Improve Spark Connect compatibility for NDS and NDS-H by sayedbilalbari · Pull Request #254 · NVIDIA/spark-rapids-benchmarks

sayedbilalbari · 2026-04-07T01:55:11Z

Summary

This PR tightens generic Spark Connect compatibility for the benchmark runners without adding router-specific behavior.

It makes the runner and reporting paths more tolerant of Spark Connect environments where sparkContext access, listener
registration, or config exposure differ from classic PySpark. It also documents the expected warning patterns seen during
smoke testing so healthy Spark Connect runs do not look broken.

Changes

add --spark_connect support to nds_power.py and nds_h_power.py
build remote sessions with SparkSession.builder.remote(...) when requested
stop assuming applicationId is always available through sparkContext
use spark_session.stop() for session shutdown in the Spark Connect path
harden both benchmark report implementations to fall back when sparkContext or listener registration is unavailable
document direct Spark Connect execution and expected smoke-test warnings in the NDS and NDS-H READMEs

Why

The previous benchmark code still had a few direct dependencies on classic Spark APIs that are not reliable in Spark Connect
runs, especially around app id lookup, listener registration, and config access.
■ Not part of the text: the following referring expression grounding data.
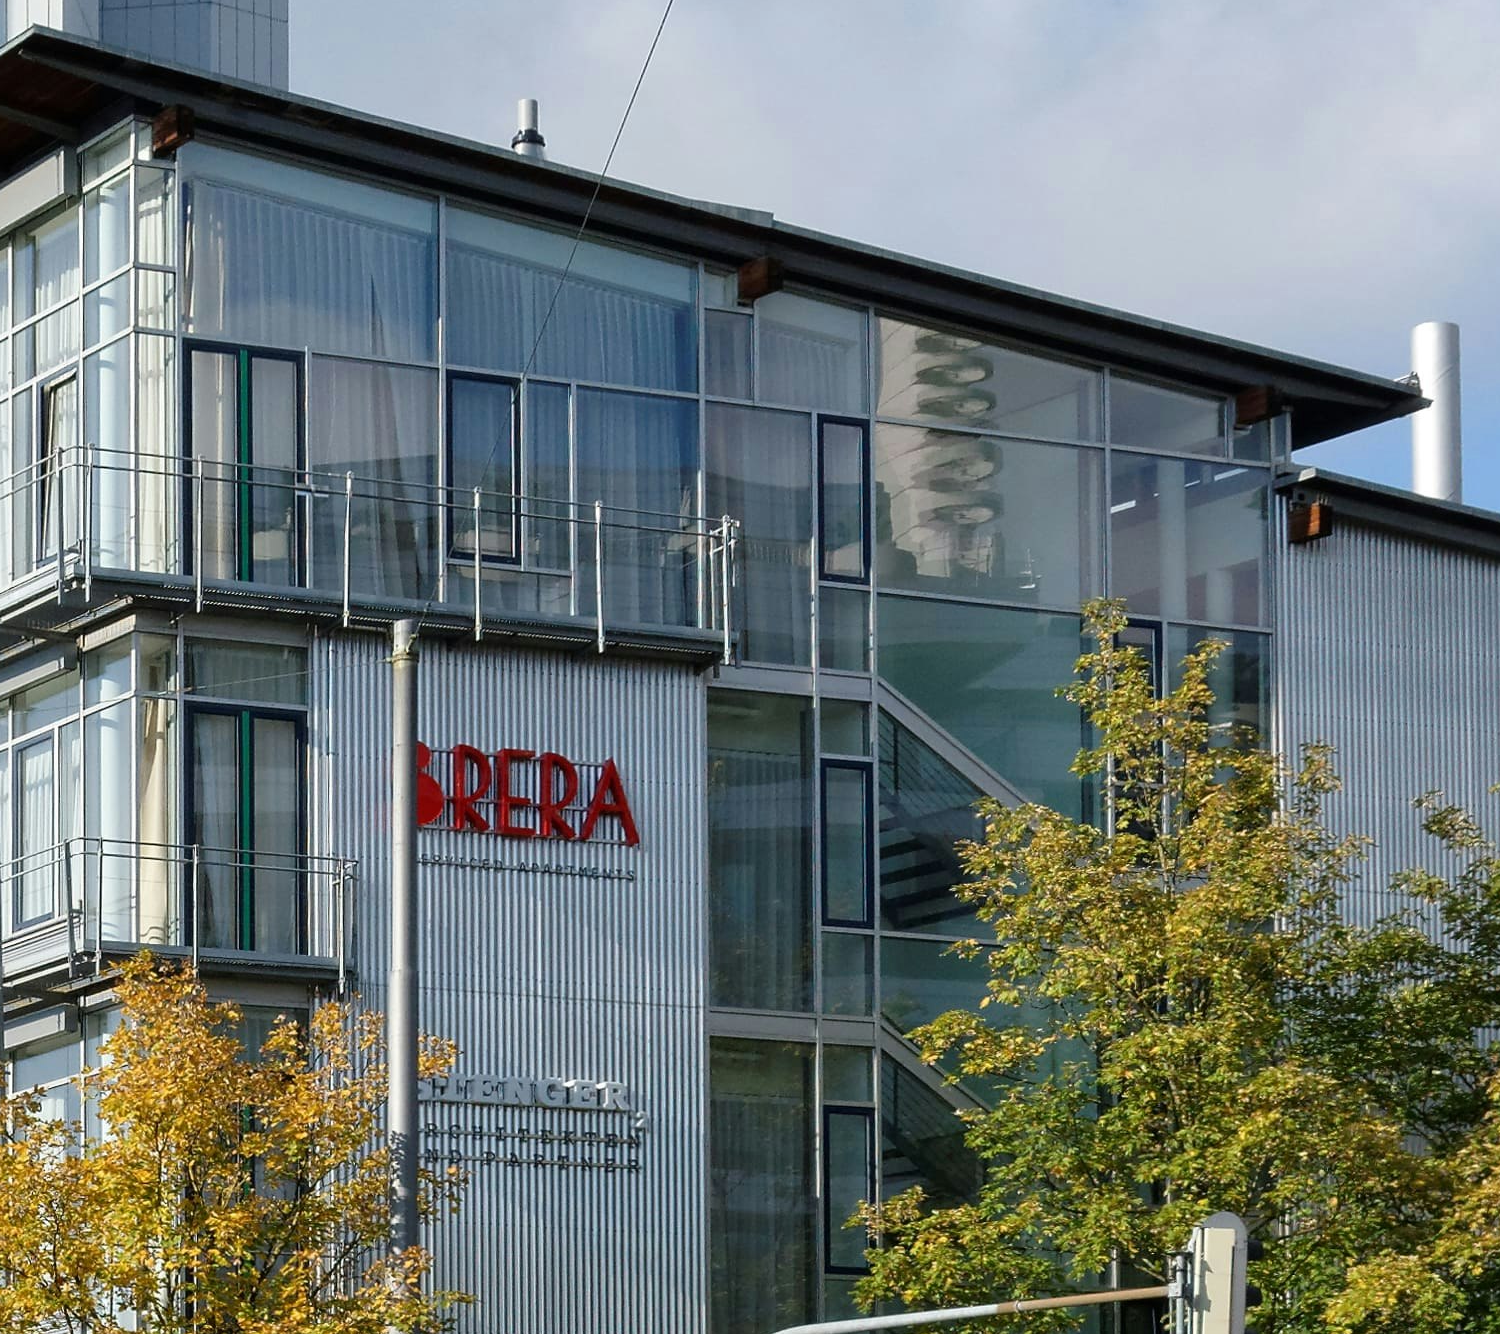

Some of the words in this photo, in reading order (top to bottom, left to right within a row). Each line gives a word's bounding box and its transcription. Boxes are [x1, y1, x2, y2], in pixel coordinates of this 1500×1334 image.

[420, 854, 504, 872] ERVICED
[425, 1122, 641, 1148] RCHITEKTEN
[425, 1148, 462, 1165] ND
[484, 1151, 641, 1174] PARTNER
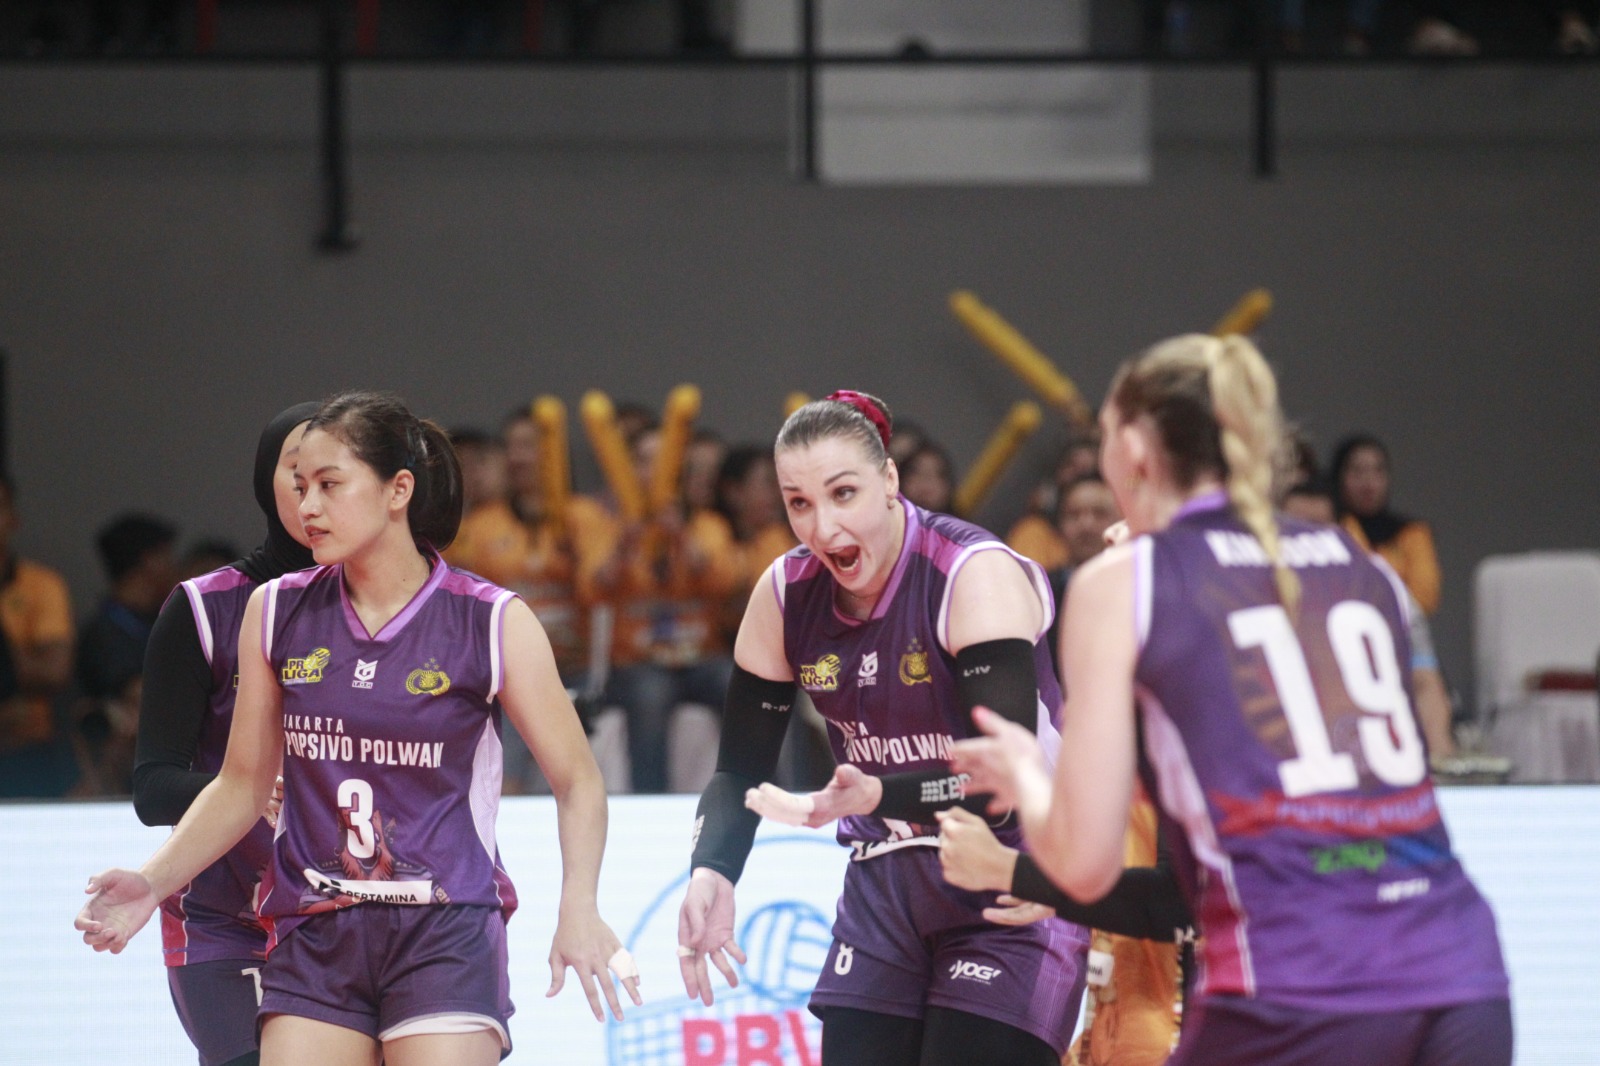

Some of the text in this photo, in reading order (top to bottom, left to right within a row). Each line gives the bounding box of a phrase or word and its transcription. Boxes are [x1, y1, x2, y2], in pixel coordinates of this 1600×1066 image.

[284, 669, 320, 680] LIGA
[802, 675, 835, 686] LIGA
[1226, 600, 1427, 798] 19
[284, 730, 444, 768] POPSIVO POLWAN
[337, 778, 374, 859] 3
[834, 942, 855, 976] 8
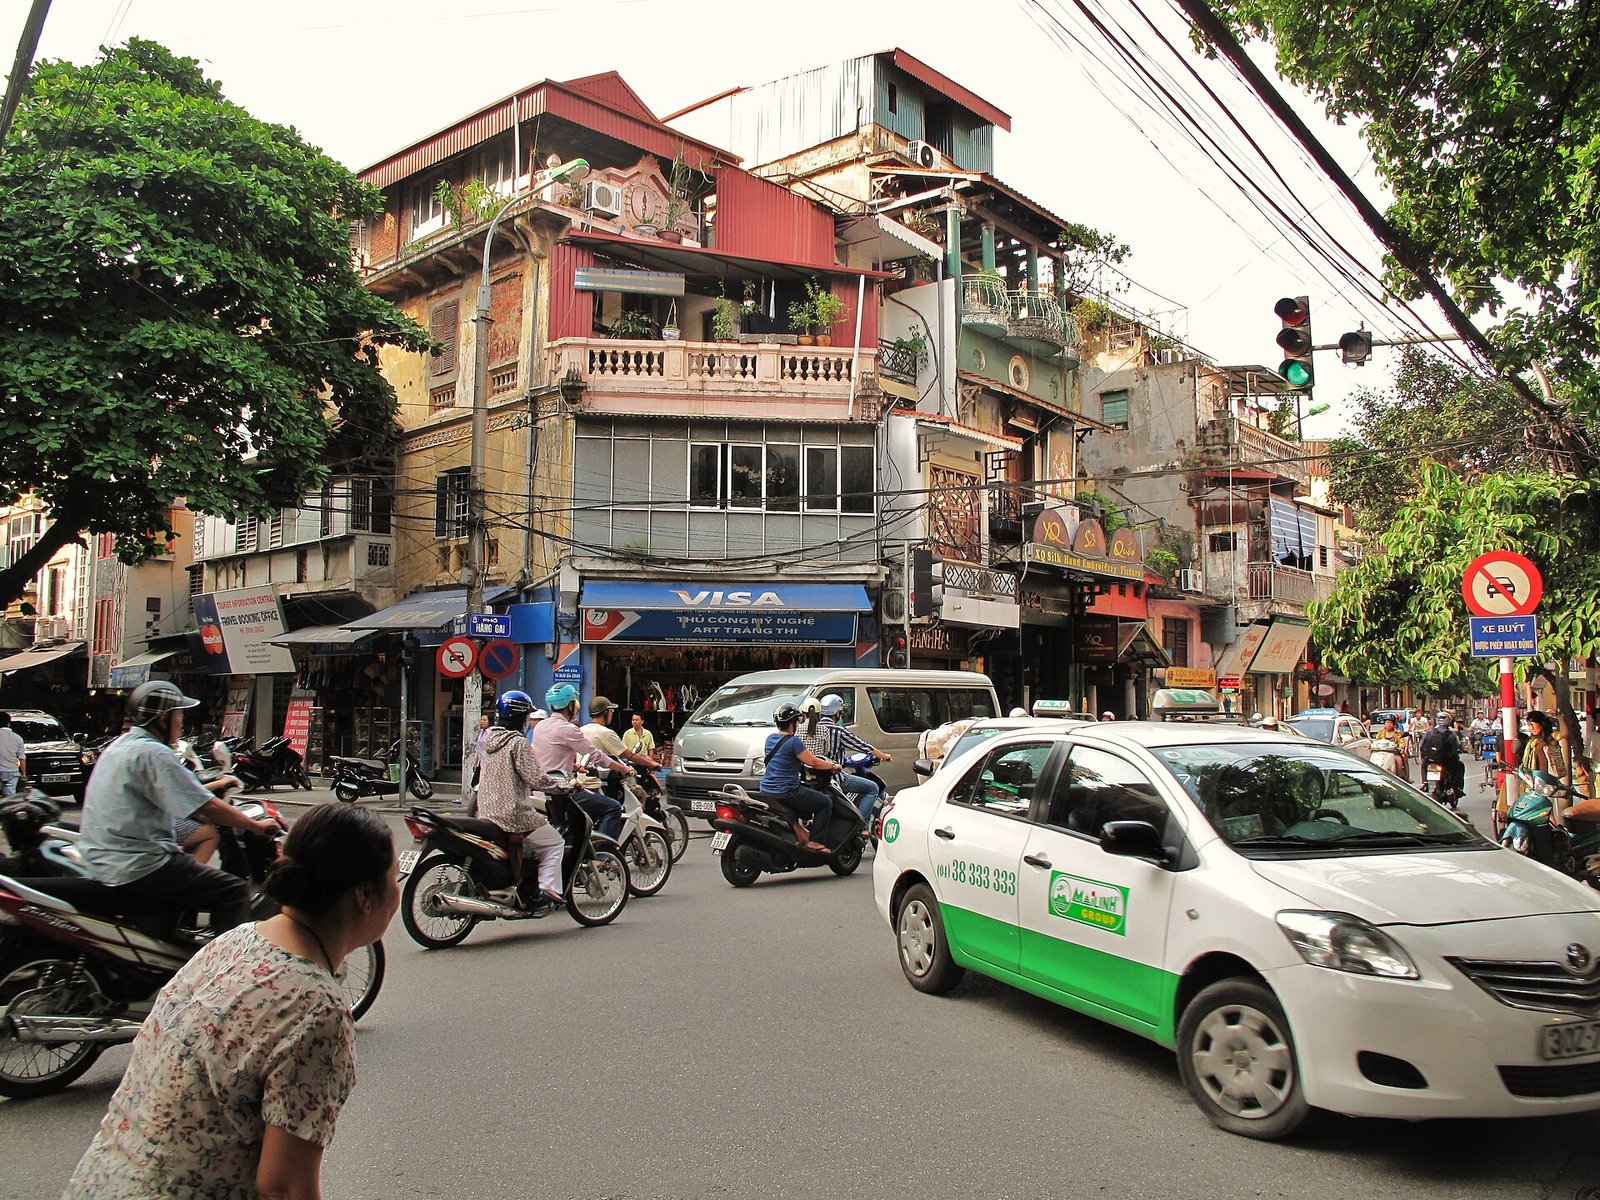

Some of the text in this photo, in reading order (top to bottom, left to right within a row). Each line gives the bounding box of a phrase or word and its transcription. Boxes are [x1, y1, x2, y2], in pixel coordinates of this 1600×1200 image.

[1042, 520, 1065, 545] XQ
[1035, 548, 1046, 562] XQ
[1047, 550, 1062, 563] Silk
[1064, 554, 1081, 567] Hand
[1082, 559, 1117, 574] Embroidery
[668, 589, 785, 606] VISA
[260, 610, 279, 621] OFFICE
[708, 615, 748, 624] CÔNG
[777, 617, 815, 626] NGHỆ
[495, 624, 505, 633] GAI
[692, 626, 720, 634] ART
[1482, 622, 1525, 633] XE BUÝT
[937, 859, 1016, 896] (04) 38 333 333
[1081, 909, 1116, 925] GROUP
The goal here is to keep the benchmark-side work generic:

no smart-router-specific flags or naming
no Aether-specific operational assumptions
preserve classic behavior when Spark Connect is not used

Validation

python3 -m py_compile nds/nds_power.py nds-h/nds_h_power.py nds/PysparkBenchReport.py utils/python_benchmark_reporter/ PysparkBenchReport.py
smoke-tested in the broader AB + Spark Connect + Spark2A flow after cleanup work, with the benchmark-side Spark Connect
compatibility fallbacks working for that path

Notes

Expected Spark Connect smoke-test warnings are now documented explicitly, including:

missing RAPIDS Python listener registration from the client runtime
Spark Connect rejecting non-updatable configs such as spark.locality.wait

greptile-apps · 2026-04-07T01:59:05Z

Greptile Summary

This PR adds --spark_connect support to the NDS and NDS-H power runners and hardens the benchmark report implementations to be tolerant of Spark Connect environments where sparkContext access and listener registration may be unavailable. Classic Spark behaviour is fully preserved; both paths have been smoke-tested and the expected warning patterns are now documented in the READMEs.

Confidence Score: 5/5

PR is safe to merge; all remaining concerns are minor quality items

No P0/P1 findings. The two open items from prior review threads (hardcoded 'spark-connect' fallback ID and utils/ vs nds/ PysparkBenchReport divergence) are pre-existing P2 style/traceability concerns that do not block correct benchmark execution. The implementation is functionally correct, well-documented, and smoke-tested.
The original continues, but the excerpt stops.